Of course, only an approximation E' of the true value E is computed. However, E' might still be able to tell us something about the sign of E. If E' is far away from zero (the forward error analysis carried out in the next section gives a precise meaning to "far away") then the signs of E' and E agree and if E' is zero then we may be able to conclude under certain circumstances that E is zero. Again, forward error analysis can be used to say what `certain circumstances' are.

The type floatf encapsulates this kind of approximate integer arithmetic. Any integer (= object of type integer) can be converted to a floatf; floatfs can be added, subtracted, multiplied, and their sign can be computed: for any floatf x the function Sign(x) returns either the sign of x (-1 if x < 0, 0 if x = 0, and +1 if x > 0) or the special value NOIDEA. If x approximates X, i.e., X is the integer value obtained by an exact computation, then Sign(x)! = NOIDEA implies that Sign(x) is actually the sign of X if Sign(x) = NOIDEA then no claim is made about the sign of X.

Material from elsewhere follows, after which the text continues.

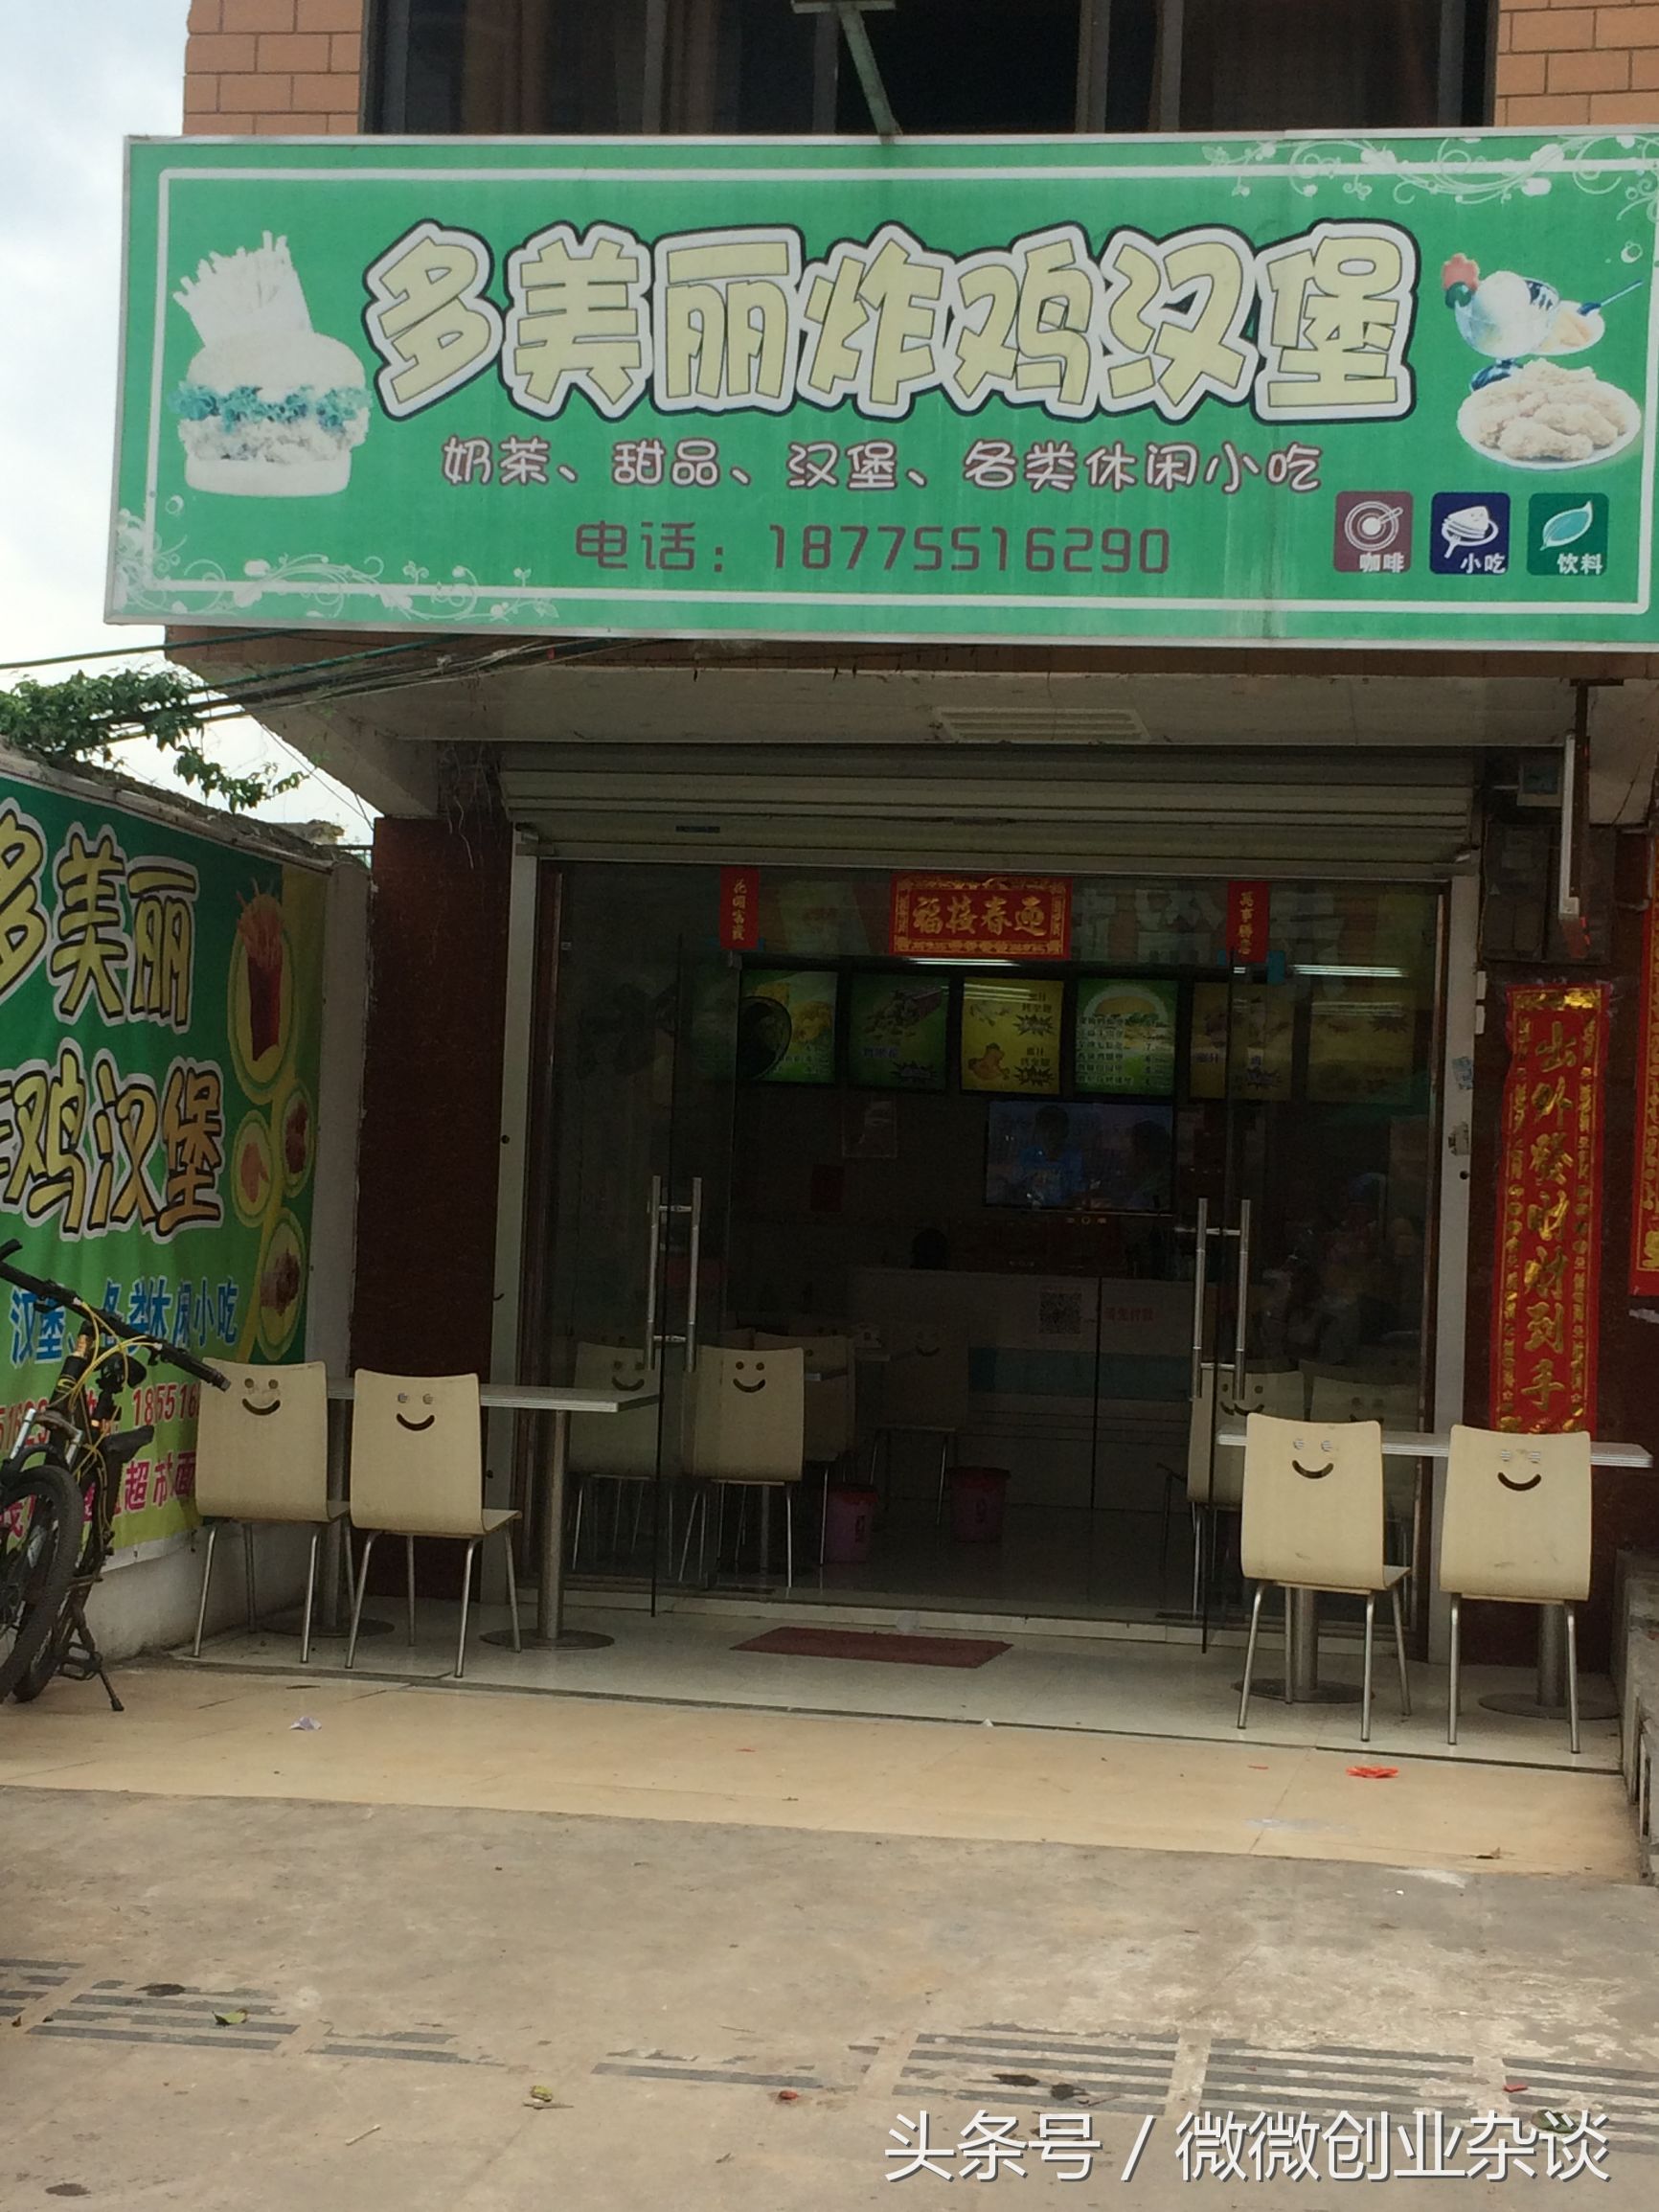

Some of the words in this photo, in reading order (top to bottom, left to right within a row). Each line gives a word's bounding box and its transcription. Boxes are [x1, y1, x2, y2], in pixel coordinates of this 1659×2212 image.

#include < LEDA/numbers/floatf.h >

Creation

 floatf x introduces a variable x of type floatf and initializes it with zero. floatf x(integer i) introduces a variable x of type floatf and initializes it with integer i.

Operations

 floatf const floatf& a + const floatf& b Addition. floatf const floatf& a - const floatf& b Subtraction. floatf const floatf& a * const floatf& b Multiplication. int Sign(const floatf& f) as described above.

Implementation

A floatf is represented by a double (its value) and an error bound. An operation on floatfs performs the corresponding operation on the values and also computes the error bound for the result. For this reason the cost of a floatf operation is about four times the cost of the corresponding operation on doubles. The rules used to compute the error bounds are described in ([65]).

Example

see [65] for an application in a sweep line algorithm.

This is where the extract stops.